The following morning we both agreed that Pierre’s knee required some rest so we had a braai for breakfast and took our time leaving The Drum Inn. Pierre had carried the boerewors and lamb chops from Snoggy’s for two days so it was one way to lighten his load.
We eventually pushed on into the headwind which did no favours for knee pain. We had overdone it for the first couple of days and there’s no hurry so we covered the short distance to Folkestone.
10 thoughts on “Braaitime, ride time and good times”
Strange not seeing you in Dorset Rise last week, I am in Hastings today so will wave you across the Chanel, Bon voyage. It’s down hill from now on!
1. F@ck you and your bikes.

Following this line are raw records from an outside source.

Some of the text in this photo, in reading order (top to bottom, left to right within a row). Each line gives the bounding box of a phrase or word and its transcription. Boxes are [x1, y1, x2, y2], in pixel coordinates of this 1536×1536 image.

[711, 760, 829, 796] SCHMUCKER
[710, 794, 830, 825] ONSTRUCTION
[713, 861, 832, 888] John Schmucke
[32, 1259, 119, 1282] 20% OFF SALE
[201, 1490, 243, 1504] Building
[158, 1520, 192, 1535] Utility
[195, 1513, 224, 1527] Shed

This already looks amazing!
2. Apologies i got tied up on the return leg from a Spanish sojourn and missed the official farewell, though my love and admiration to you on this epic adventure.
I’ll be following your booze soaked posts along the way. Let me/ Christopher C Clemes know when the girls finally manage to tie down where they’re going to catch up with you, I don’t like to rule anything out.

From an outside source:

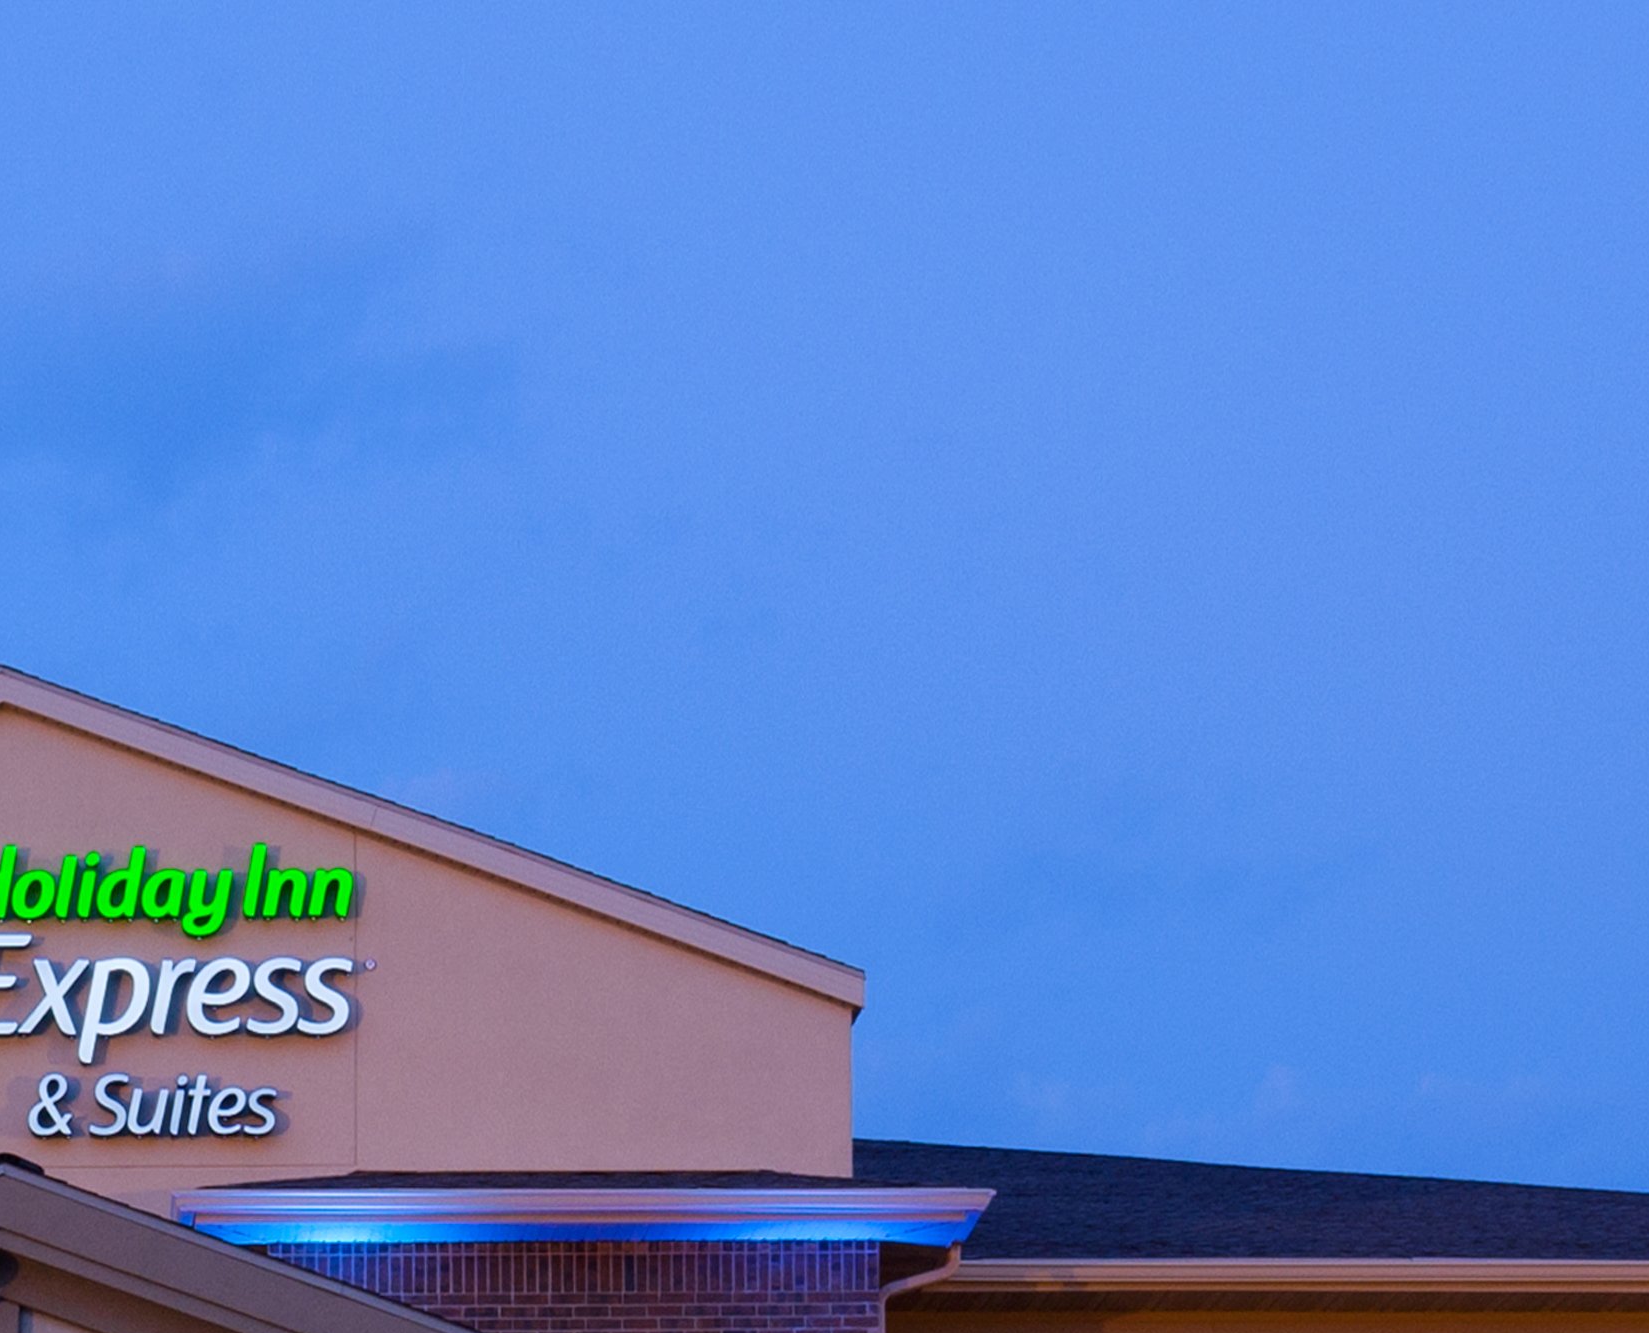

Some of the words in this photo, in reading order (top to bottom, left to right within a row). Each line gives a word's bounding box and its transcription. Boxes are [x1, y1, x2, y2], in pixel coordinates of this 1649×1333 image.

Hi guys, I’m Brice’s sister. See you soon .. heu ! In 10 days maybe …Sorry, my english is bad ! We are waiting for you near LYON ! Have a nice trip !
Thanks Britta, so kind of you. I have now plotted you on our map and look forward to meet you. Brice has kindly given us your details and we will keep you updated on our progress. We are currently in Peronne, just South of Lille. We are calculating the route to be anything from 570km to 650km, so at this rate we should be there around 11 to 13 days – we try and do about 50km each day.
Hey Britta, we are now in Troyes 350km to go, 7-8 days we hope. There are some serious mountains your way!! 😦 See you soon
Hi guys ! It will be ok ! Don’t give up ! Our country is beautiful, isn’t it ? Take care of you !
Pierre, have you placed the raw steak in the appropriate place yet??!!
Not required yet
So, according to Google maps, you’ve got another 8800 miles to go. And you’ve got a dodgy knee already. Good luck!
All part of the plan, thanks Nick. Make sure you go calibrate your theodolite.